AIM OF THE EXERCISE: From the line containing "this 1280×1440 image." down to the last line of the entries, print each line exactly and leave the pictures out.
___ SOURCE INFORMATION ___
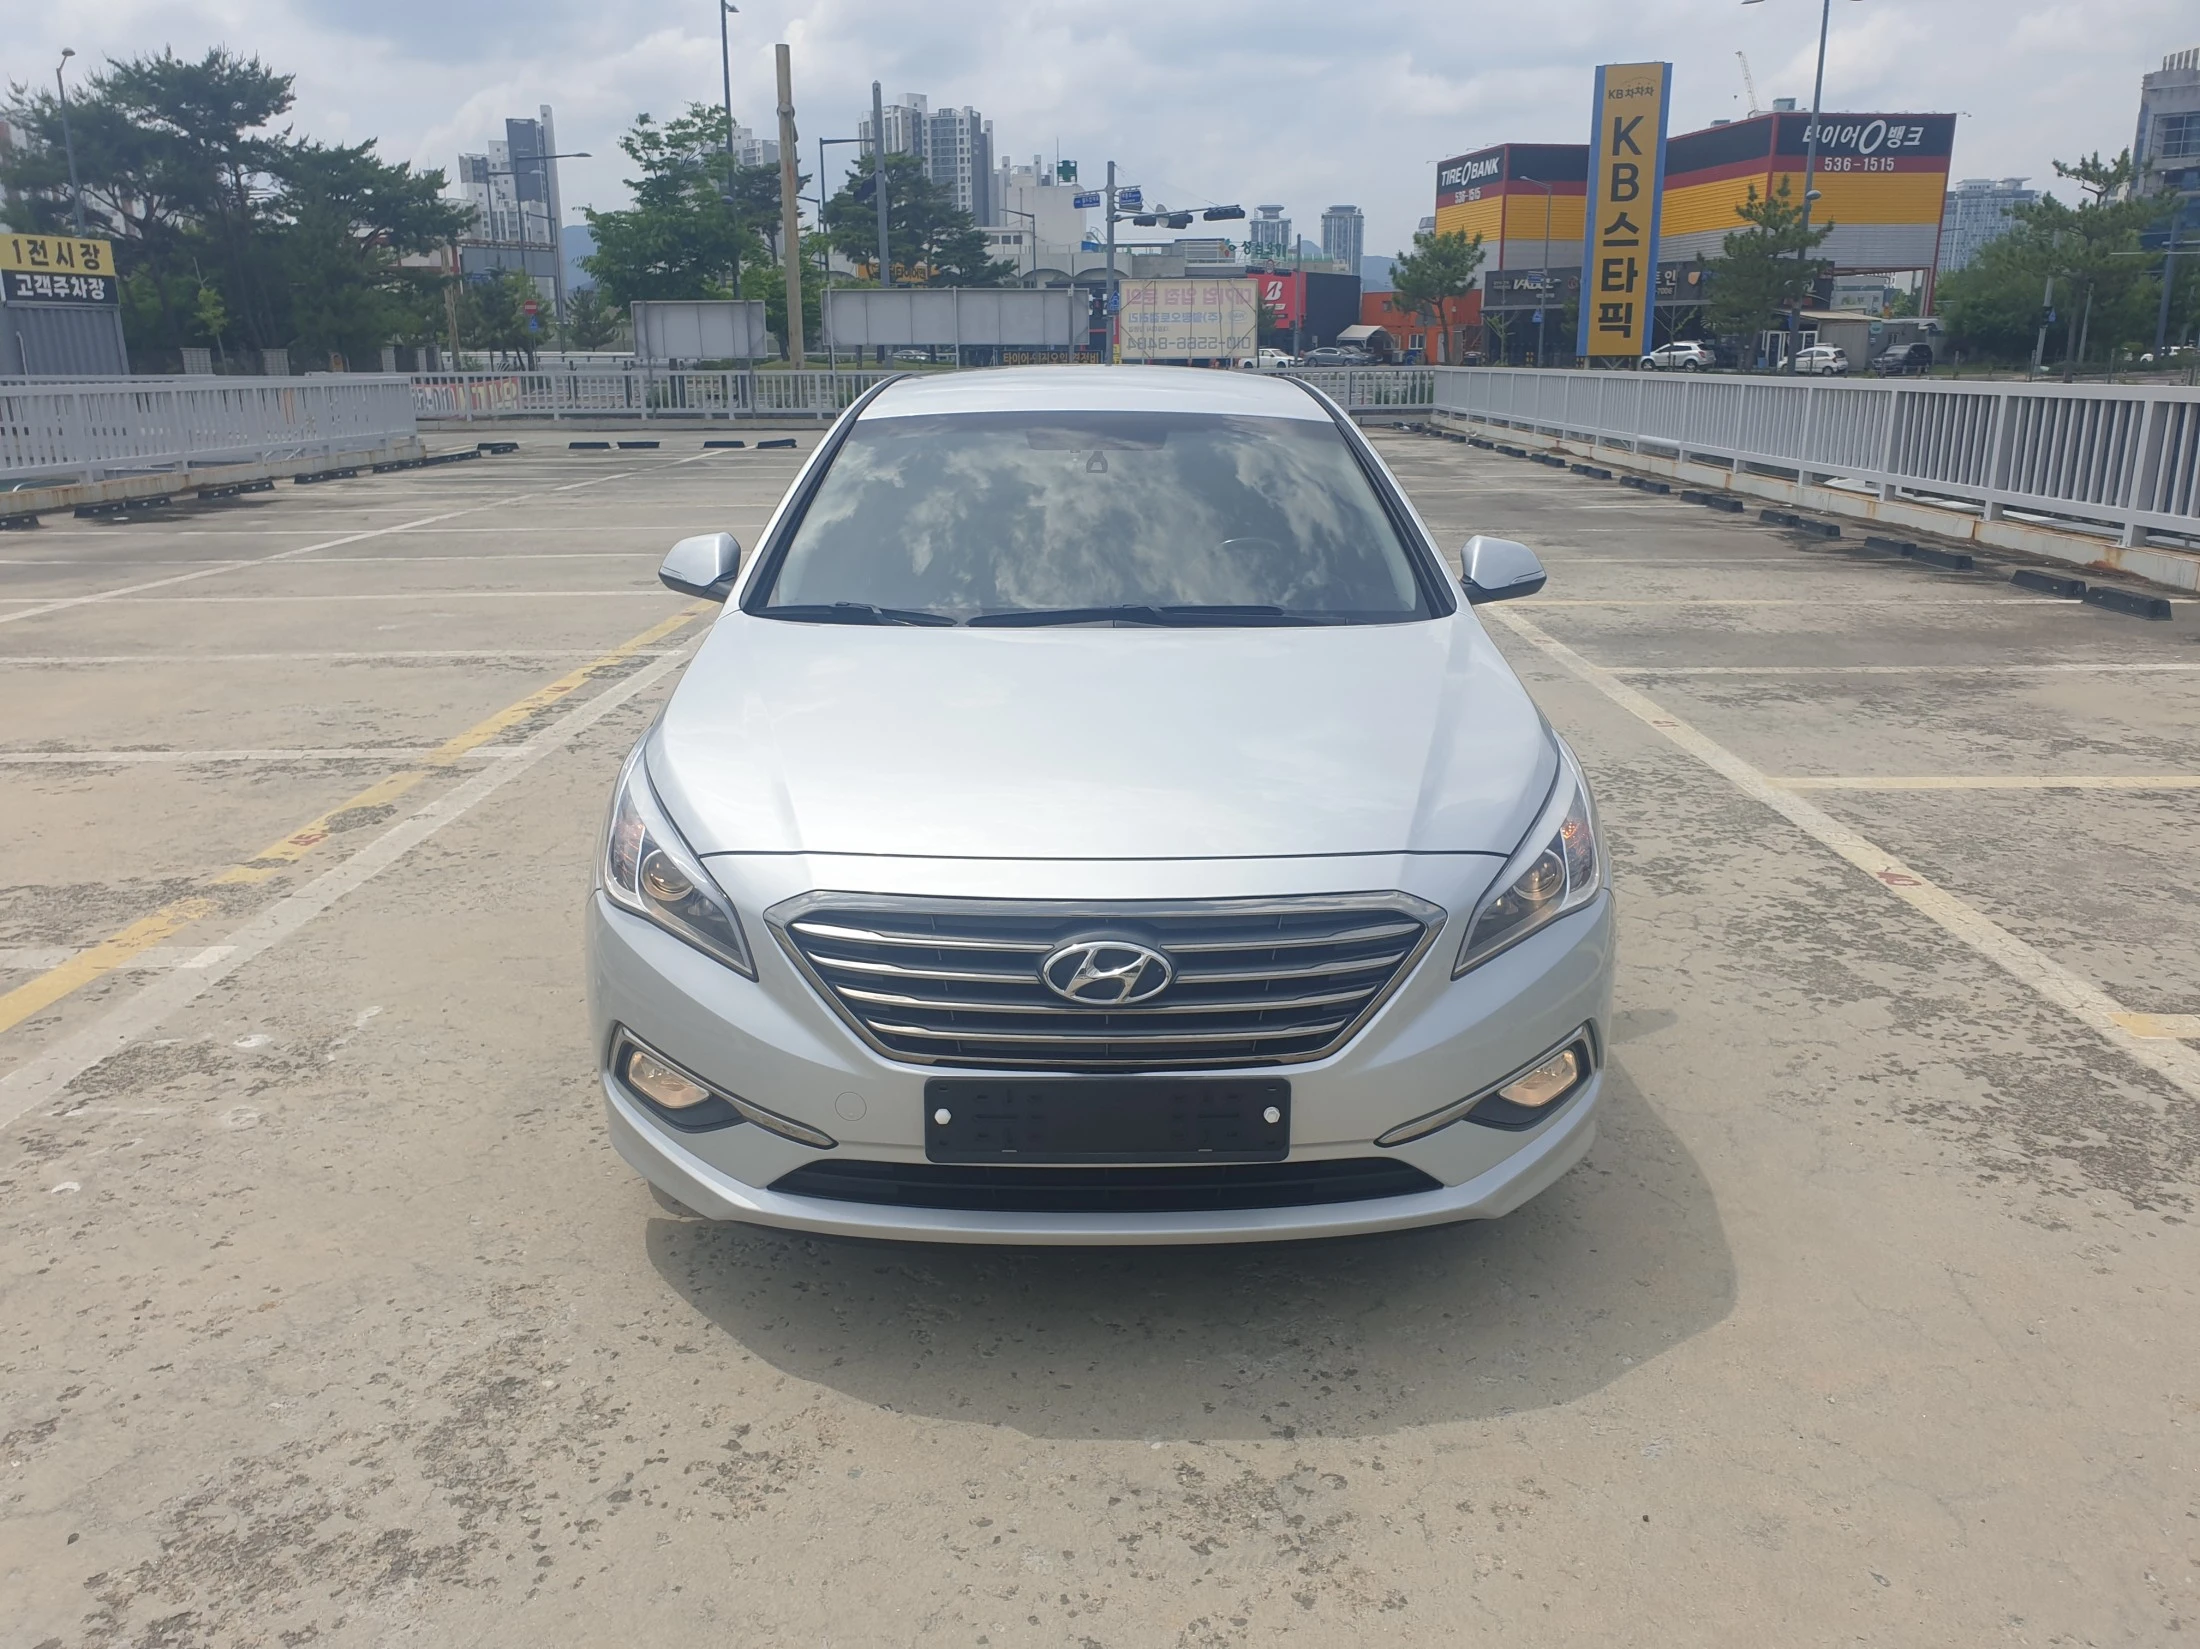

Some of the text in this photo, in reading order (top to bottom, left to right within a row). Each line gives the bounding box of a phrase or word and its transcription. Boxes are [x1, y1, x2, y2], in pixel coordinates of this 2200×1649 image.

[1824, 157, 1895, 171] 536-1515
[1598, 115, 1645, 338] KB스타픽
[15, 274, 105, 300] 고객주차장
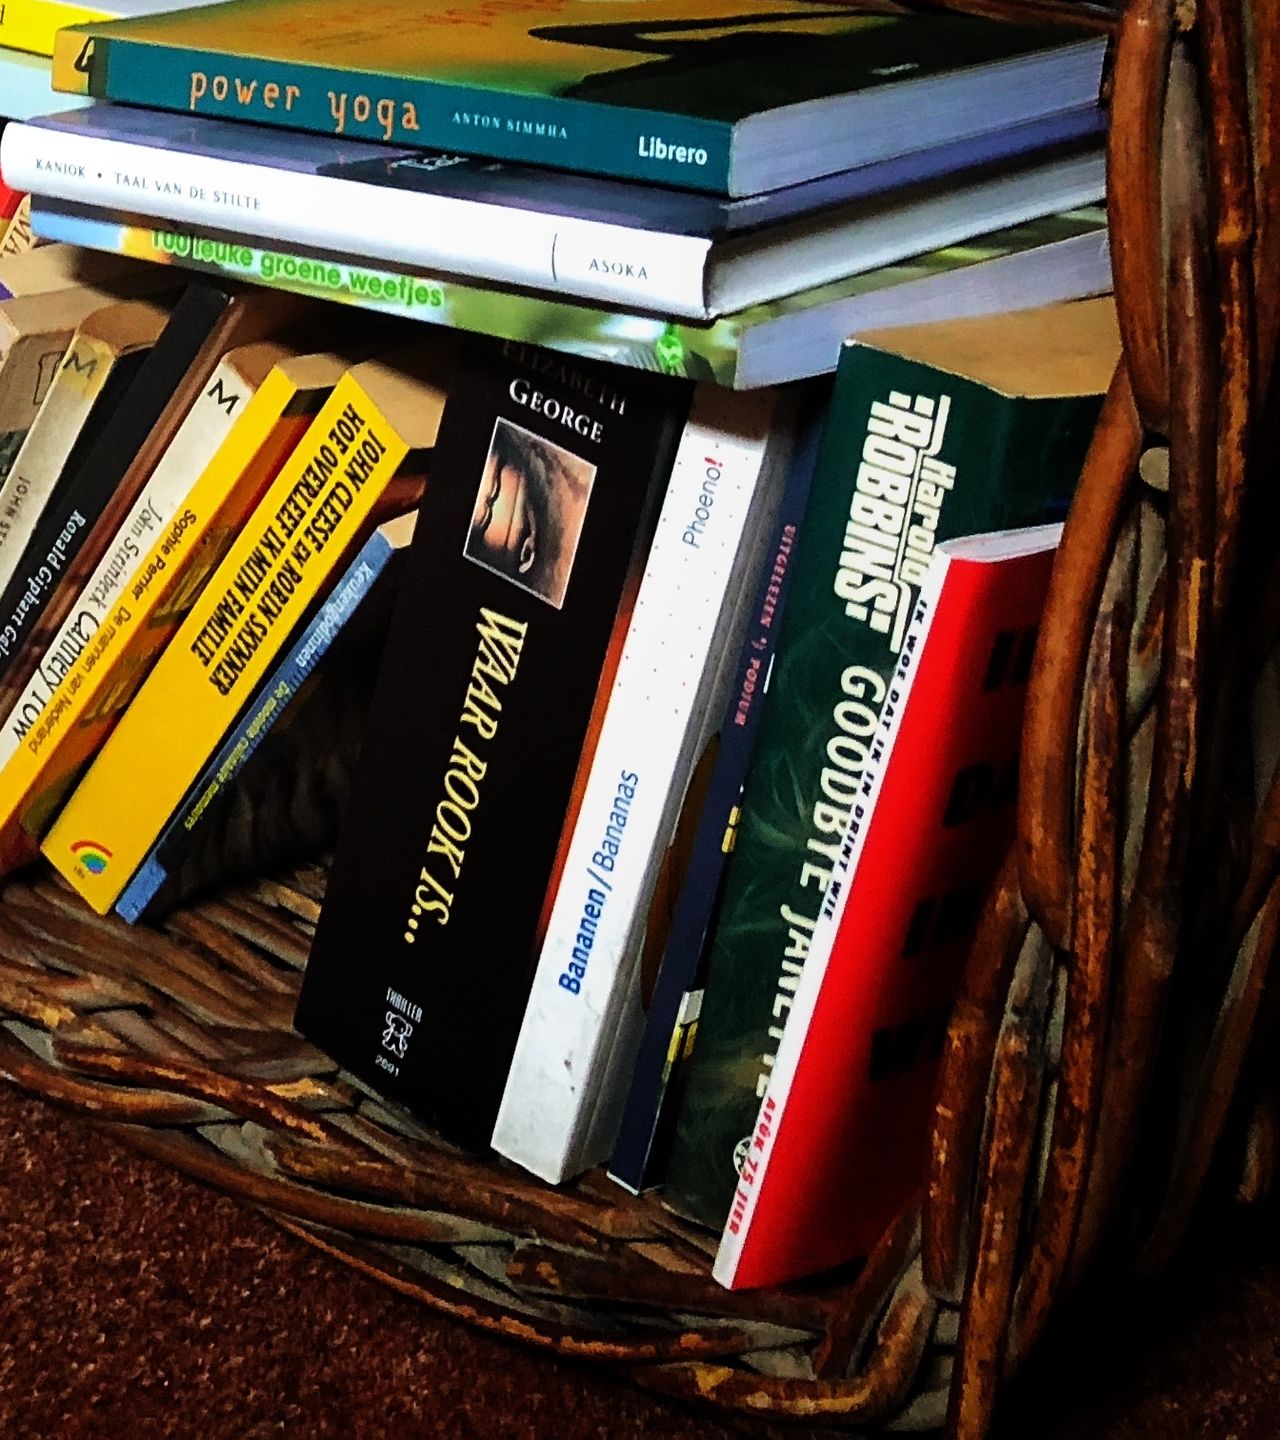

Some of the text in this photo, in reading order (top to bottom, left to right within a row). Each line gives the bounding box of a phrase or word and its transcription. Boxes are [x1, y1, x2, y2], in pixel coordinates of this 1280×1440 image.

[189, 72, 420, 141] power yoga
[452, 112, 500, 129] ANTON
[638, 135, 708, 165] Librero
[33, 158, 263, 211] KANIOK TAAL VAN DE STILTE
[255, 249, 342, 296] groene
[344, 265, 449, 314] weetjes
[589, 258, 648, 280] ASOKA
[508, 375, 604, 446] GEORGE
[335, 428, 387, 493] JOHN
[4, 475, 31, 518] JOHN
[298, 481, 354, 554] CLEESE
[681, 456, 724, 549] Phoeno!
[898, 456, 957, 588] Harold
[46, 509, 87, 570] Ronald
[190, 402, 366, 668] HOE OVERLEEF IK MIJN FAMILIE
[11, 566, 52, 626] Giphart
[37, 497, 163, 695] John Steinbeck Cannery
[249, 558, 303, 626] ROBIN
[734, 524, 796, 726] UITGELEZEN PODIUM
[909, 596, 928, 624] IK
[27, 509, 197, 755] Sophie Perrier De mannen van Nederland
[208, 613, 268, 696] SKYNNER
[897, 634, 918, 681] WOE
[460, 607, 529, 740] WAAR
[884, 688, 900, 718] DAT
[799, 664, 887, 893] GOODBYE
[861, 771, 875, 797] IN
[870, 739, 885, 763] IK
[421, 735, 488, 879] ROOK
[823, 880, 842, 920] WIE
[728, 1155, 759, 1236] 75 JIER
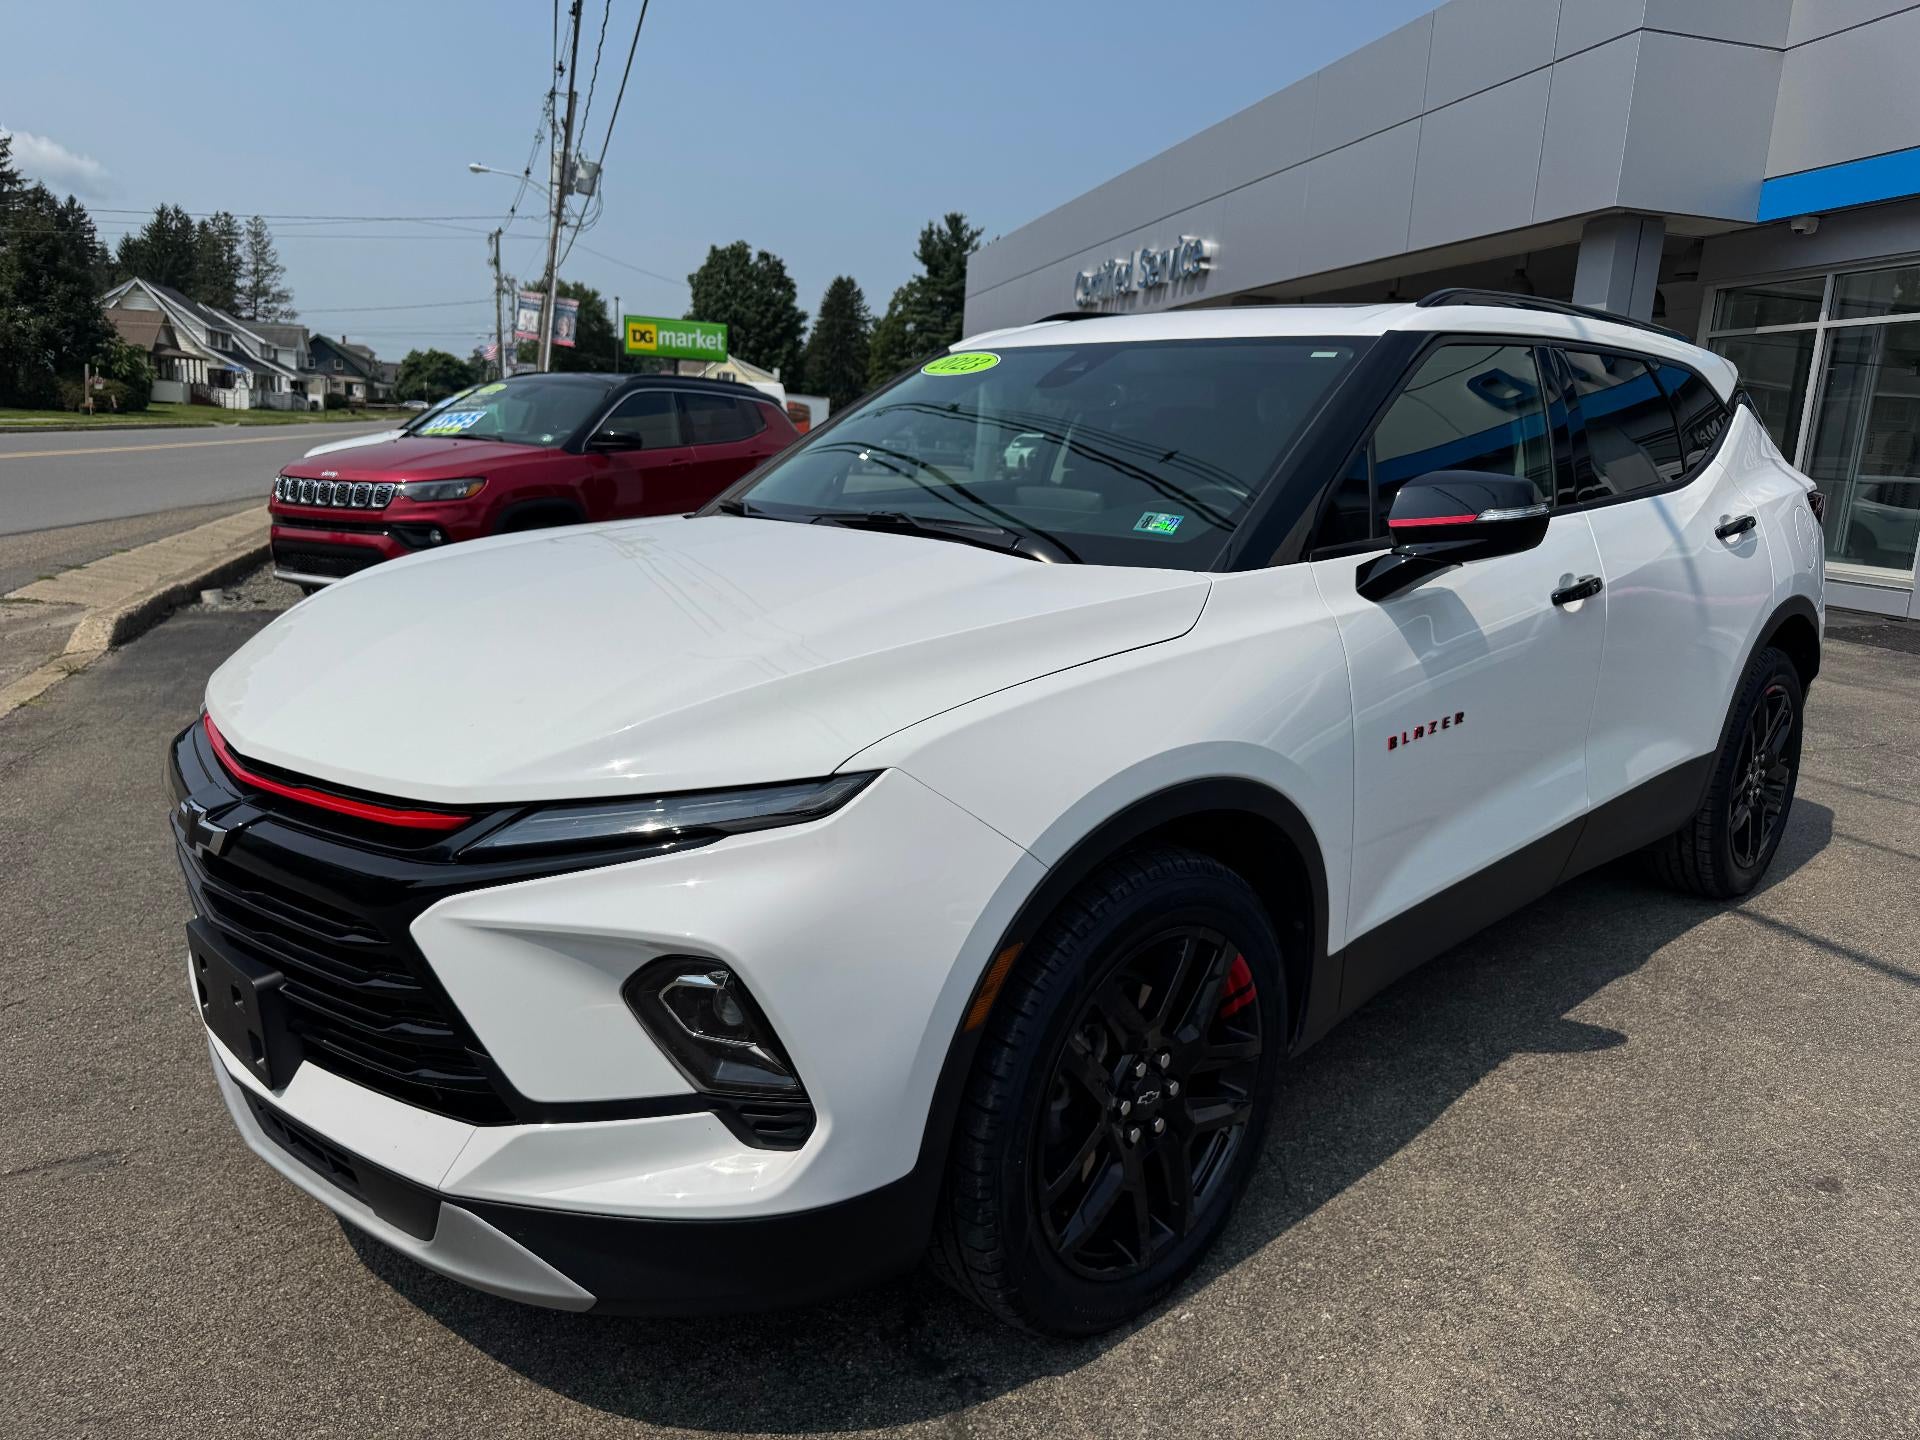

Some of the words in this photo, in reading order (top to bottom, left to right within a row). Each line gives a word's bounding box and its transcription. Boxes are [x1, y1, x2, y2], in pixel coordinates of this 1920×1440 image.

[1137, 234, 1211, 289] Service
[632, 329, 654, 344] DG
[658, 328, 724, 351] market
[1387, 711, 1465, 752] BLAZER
___
WRITTEN SOLUTION:
Some of the text in this photo, in reading order (top to bottom, left to right within a row). Each line gives the bounding box of a phrase or word and its transcription. Boxes are [x1, y1, x2, y2], in pixel coordinates of this 1280×1440 image.

[189, 72, 420, 141] power yoga
[452, 112, 500, 129] ANTON
[638, 135, 708, 165] Librero
[33, 158, 263, 211] KANIOK TAAL VAN DE STILTE
[255, 249, 342, 296] groene
[344, 265, 449, 314] weetjes
[589, 258, 648, 280] ASOKA
[508, 375, 604, 446] GEORGE
[335, 428, 387, 493] JOHN
[4, 475, 31, 518] JOHN
[298, 481, 354, 554] CLEESE
[681, 456, 724, 549] Phoeno!
[898, 456, 957, 588] Harold
[46, 509, 87, 570] Ronald
[190, 402, 366, 668] HOE OVERLEEF IK MIJN FAMILIE
[11, 566, 52, 626] Giphart
[37, 497, 163, 695] John Steinbeck Cannery
[249, 558, 303, 626] ROBIN
[734, 524, 796, 726] UITGELEZEN PODIUM
[909, 596, 928, 624] IK
[27, 509, 197, 755] Sophie Perrier De mannen van Nederland
[208, 613, 268, 696] SKYNNER
[897, 634, 918, 681] WOE
[460, 607, 529, 740] WAAR
[884, 688, 900, 718] DAT
[799, 664, 887, 893] GOODBYE
[861, 771, 875, 797] IN
[870, 739, 885, 763] IK
[421, 735, 488, 879] ROOK
[823, 880, 842, 920] WIE
[728, 1155, 759, 1236] 75 JIER

Some of the words in this photo, in reading order (top to bottom, left to right within a row). Each line gives a word's bounding box and its transcription. Boxes are [x1, y1, x2, y2], in pixel coordinates of this 1920×1440 image.

[1137, 234, 1211, 289] Service
[632, 329, 654, 344] DG
[658, 328, 724, 351] market
[1387, 711, 1465, 752] BLAZER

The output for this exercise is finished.